A. Fishycookies! and cream and custard and fishycookies and whatever else I can scrounge.

Q. Is there a Mrs Muffin in your life?

A. No, but there is Pooty Applewater although she is kind of grumpy. 

Pooty Applewater

Q. I always feel motivated when I see you, what is your secret?

A. Fishycookies…. lots of sleep and a clean foot.

That reminds me. I must wash my foot.

Talking about motivation. Muffin was the star of a series of motivational memes and would like to share some of his favourites.

Unfortunately Dokes the cat crossed the rainbow bridge in June 2014, and he will be remembered with fondness by all who knew him.
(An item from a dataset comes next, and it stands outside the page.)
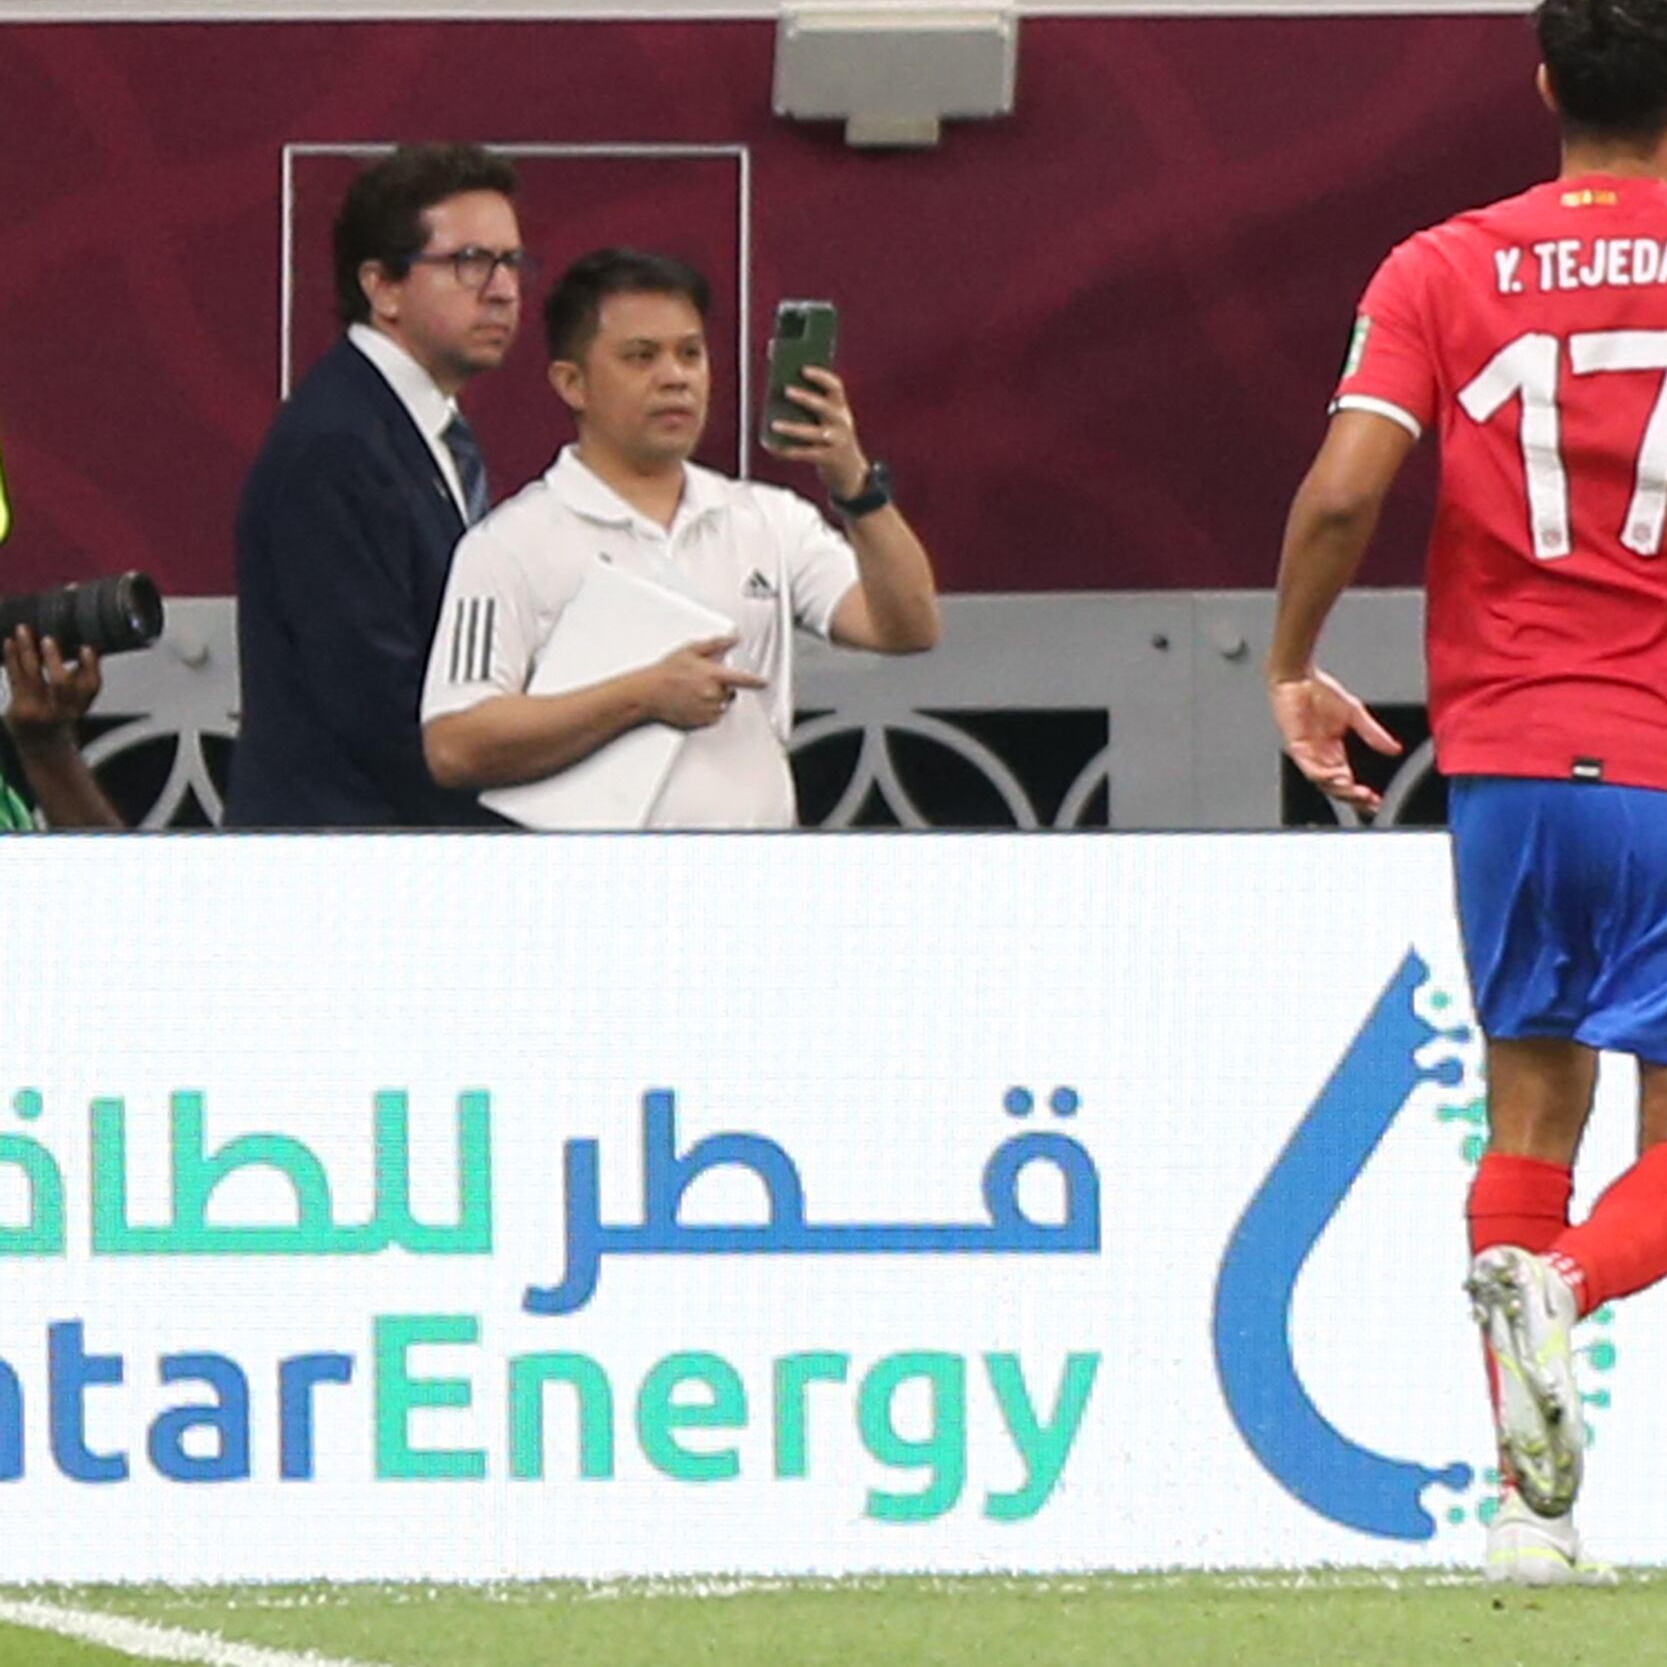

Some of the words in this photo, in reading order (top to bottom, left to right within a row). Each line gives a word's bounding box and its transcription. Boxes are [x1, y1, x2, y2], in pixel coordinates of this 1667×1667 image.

[1494, 246, 1524, 294] Y.
[523, 1085, 1103, 1317] قطر
[0, 1313, 1103, 1525] tarEnergy
Read our tribute at Rest in Peace Dokes

Muffin would like to remind everybody that it will soon be winter

Muffin is no follower of fashion, although he does have his favourite no name wardrobe items.

And of course during this period of lockdown and social distancing…

Don’t forget that this pandemic is serious business, so Muffin advises that lockdown is the perfect time to catch up on your sleep (even if it is only for 27 hours), or get your hair done.

And that is Muffinland for today. Once Muffin gets more energy he will be back to enthral us all with more Tales from the Tail. 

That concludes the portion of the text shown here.